***** DATASET EXCERPTS *****

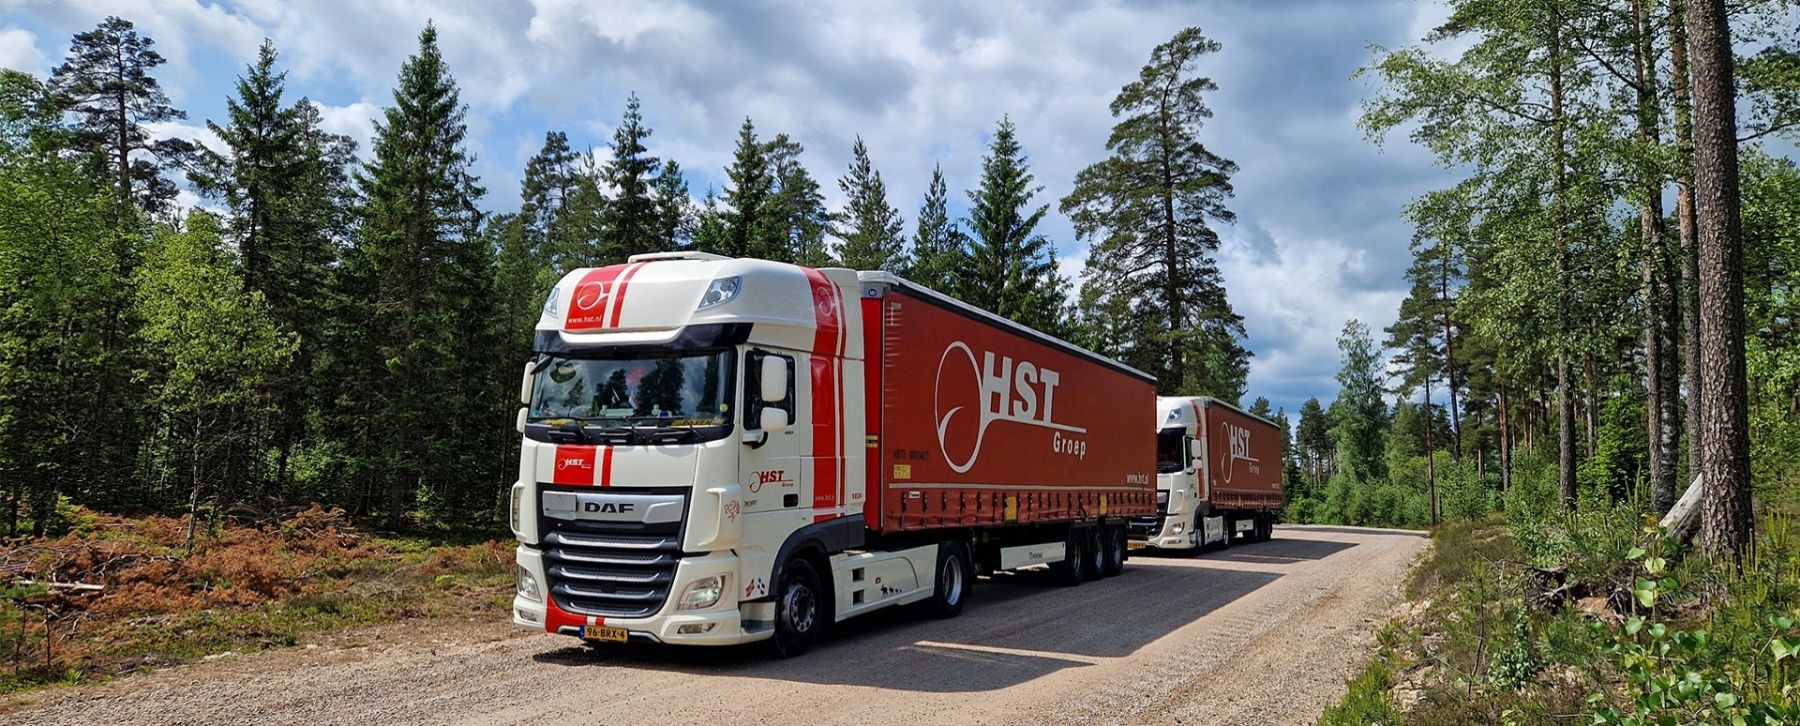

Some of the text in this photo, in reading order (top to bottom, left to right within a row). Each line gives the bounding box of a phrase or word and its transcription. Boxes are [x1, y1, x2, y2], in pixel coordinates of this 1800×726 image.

[982, 351, 1060, 423] HST
[1053, 431, 1086, 461] Groep
[1230, 425, 1250, 457] HST
[760, 470, 784, 482] HST
[584, 502, 634, 513] DAF
[586, 627, 625, 638] 96-BRX-4
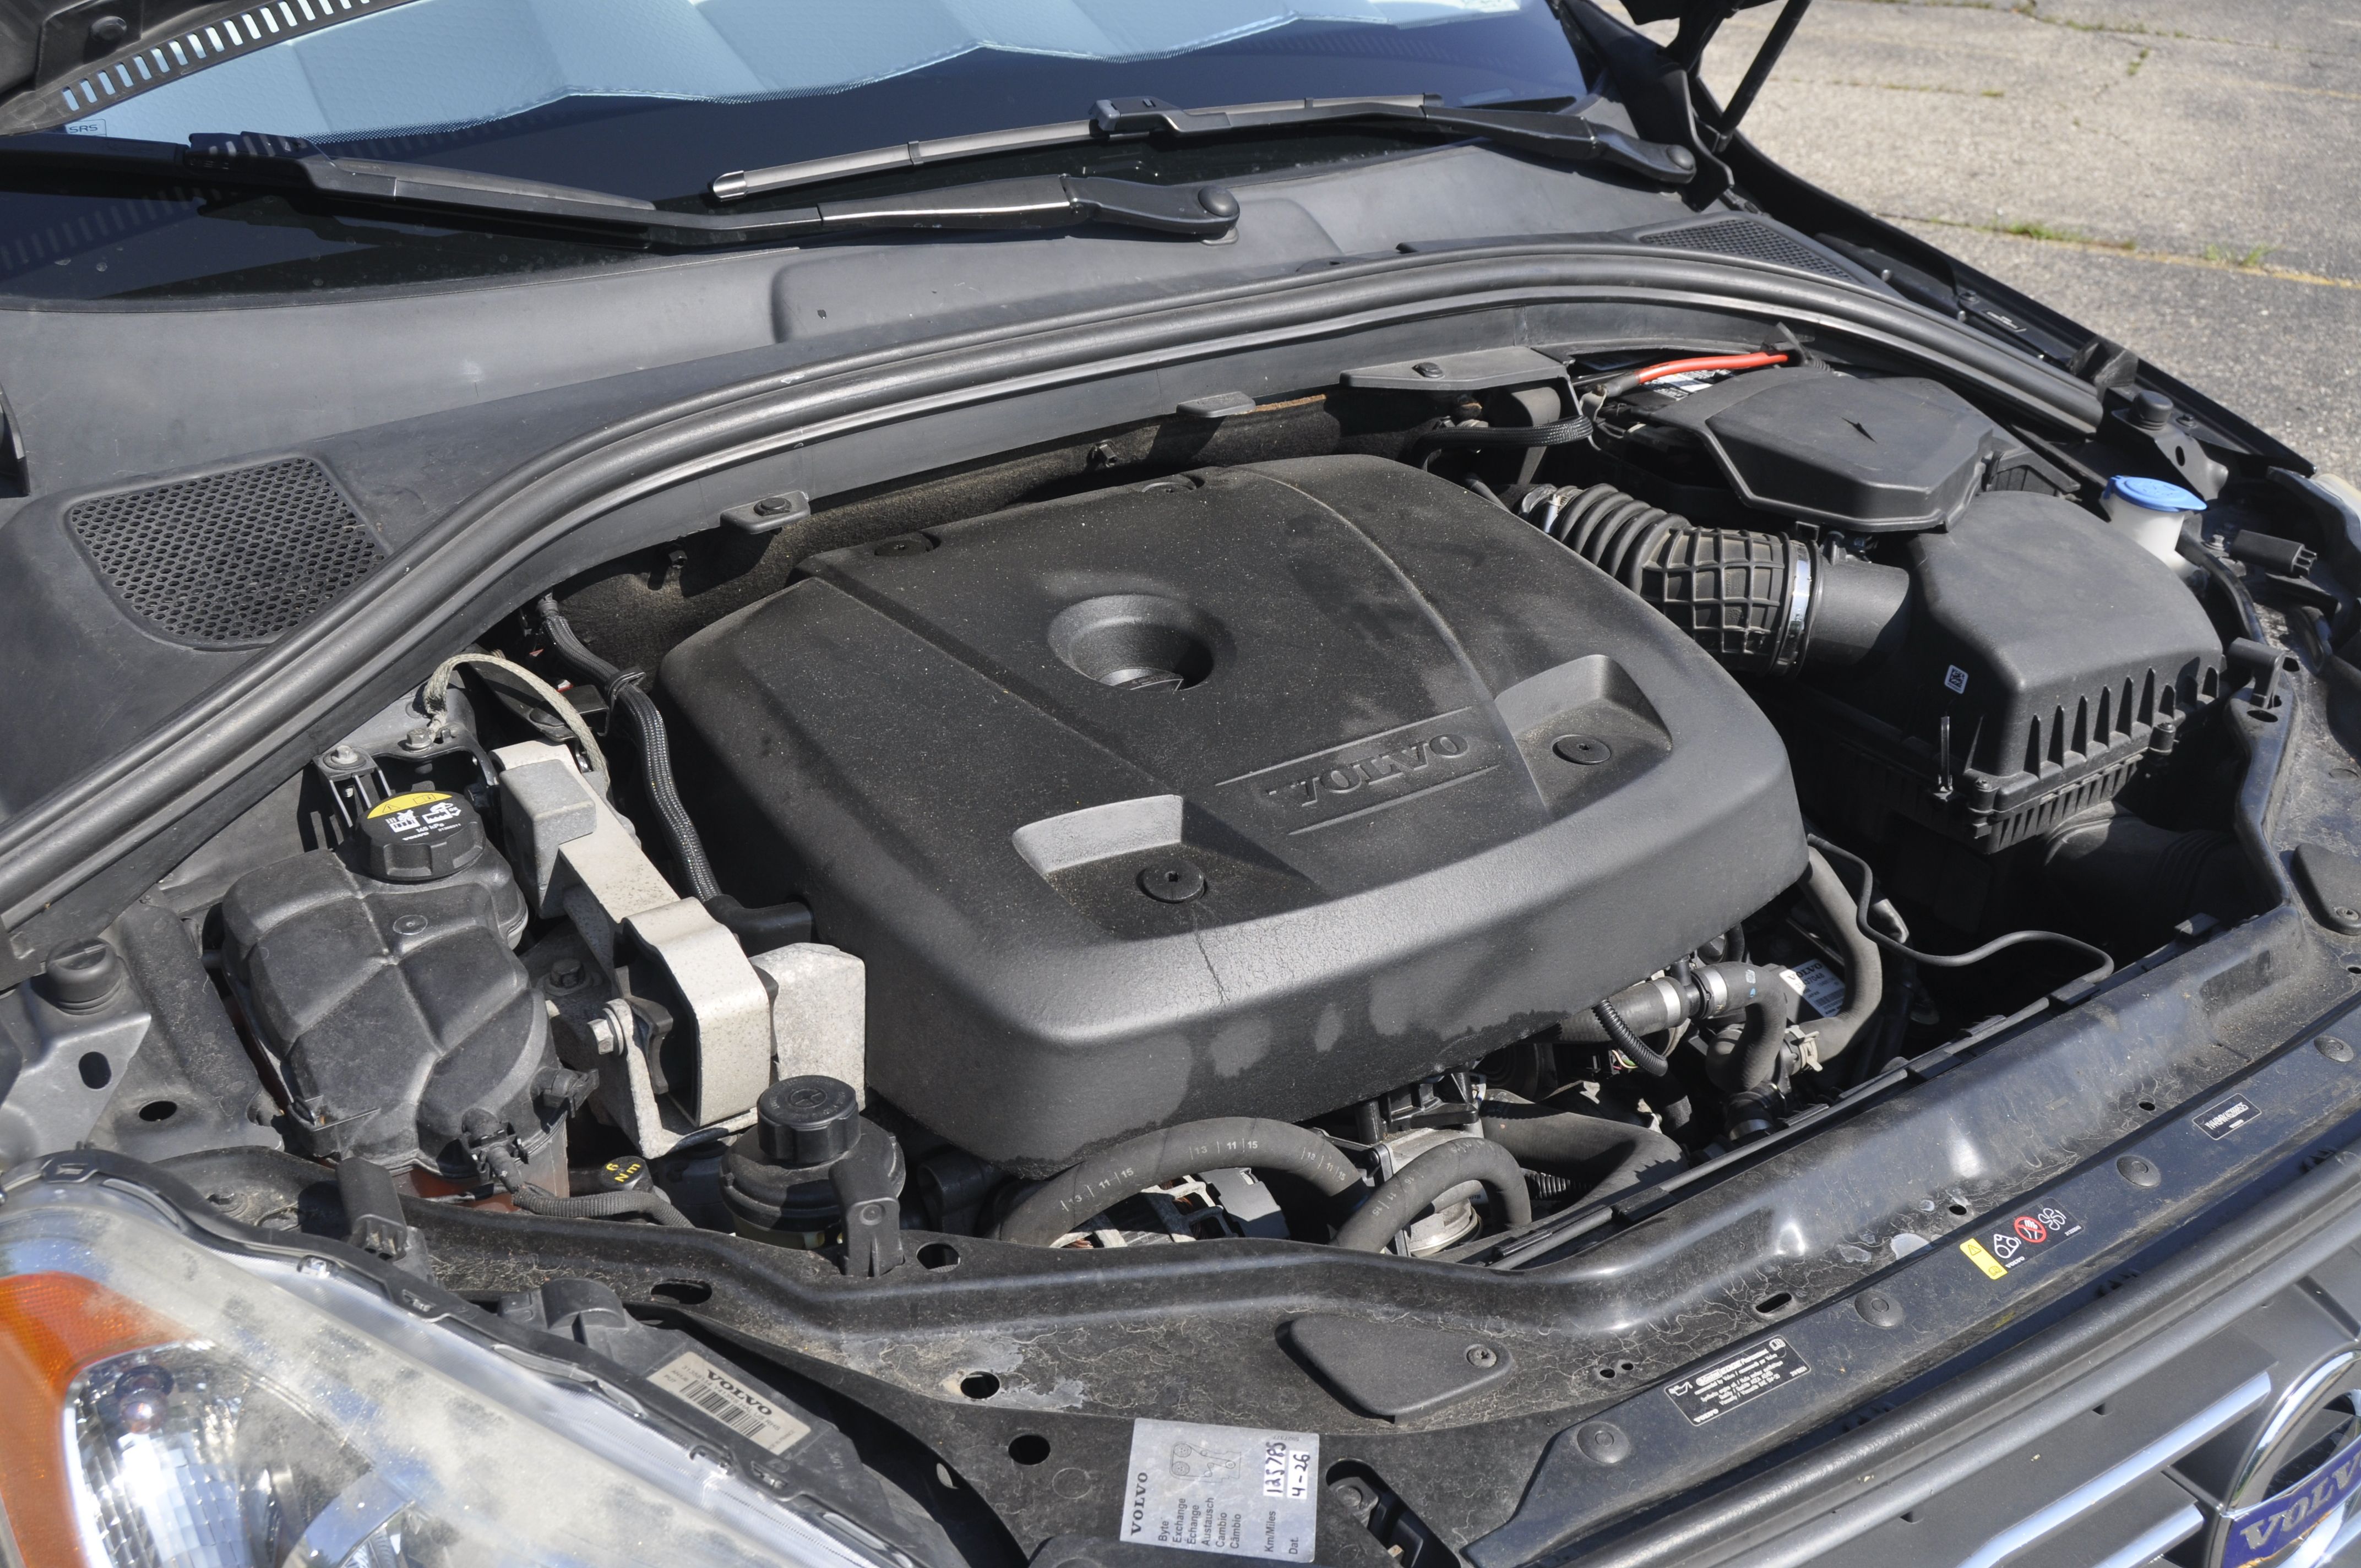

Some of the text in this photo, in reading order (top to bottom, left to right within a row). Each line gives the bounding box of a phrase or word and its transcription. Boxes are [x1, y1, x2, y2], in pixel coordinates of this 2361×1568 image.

[69, 124, 98, 134] SRS
[1267, 733, 1469, 807] VOLVO
[1787, 963, 1823, 980] VOLVO
[1194, 1141, 1258, 1155] 13 11 15
[614, 1163, 641, 1183] Nm
[1098, 1179, 1111, 1189] 11
[1121, 1168, 1134, 1178] 15
[1339, 1171, 1346, 1181] 15
[1372, 1206, 1383, 1216] 15
[2005, 1256, 2025, 1268] VOLVO
[707, 1369, 772, 1415] VOLVO
[1694, 1408, 1718, 1422] VOLVO
[1131, 1472, 1148, 1536] VOLVO
[2240, 1451, 2361, 1549] VOLV
[1158, 1520, 1169, 1542] Byte
[1173, 1498, 1187, 1543] Exchange
[1187, 1505, 1201, 1544] Échange
[1201, 1497, 1215, 1546] Austausch
[1216, 1512, 1227, 1548] Cambio
[1230, 1513, 1242, 1549] Câmbio
[1264, 1511, 1276, 1552] Km/Miles
[1289, 1537, 1299, 1555] Dat.

*****

=== TASK OBJECTIVE ===
Your answer must be the line holding "this 2361×1568 image." and every later line of the entries above, written out exactly, and nothing else.

=== EXERCISE SOLUTION ===
Some of the text in this photo, in reading order (top to bottom, left to right within a row). Each line gives the bounding box of a phrase or word and its transcription. Boxes are [x1, y1, x2, y2], in pixel coordinates of this 2361×1568 image.

[69, 124, 98, 134] SRS
[1267, 733, 1469, 807] VOLVO
[1787, 963, 1823, 980] VOLVO
[1194, 1141, 1258, 1155] 13 11 15
[614, 1163, 641, 1183] Nm
[1098, 1179, 1111, 1189] 11
[1121, 1168, 1134, 1178] 15
[1339, 1171, 1346, 1181] 15
[1372, 1206, 1383, 1216] 15
[2005, 1256, 2025, 1268] VOLVO
[707, 1369, 772, 1415] VOLVO
[1694, 1408, 1718, 1422] VOLVO
[1131, 1472, 1148, 1536] VOLVO
[2240, 1451, 2361, 1549] VOLV
[1158, 1520, 1169, 1542] Byte
[1173, 1498, 1187, 1543] Exchange
[1187, 1505, 1201, 1544] Échange
[1201, 1497, 1215, 1546] Austausch
[1216, 1512, 1227, 1548] Cambio
[1230, 1513, 1242, 1549] Câmbio
[1264, 1511, 1276, 1552] Km/Miles
[1289, 1537, 1299, 1555] Dat.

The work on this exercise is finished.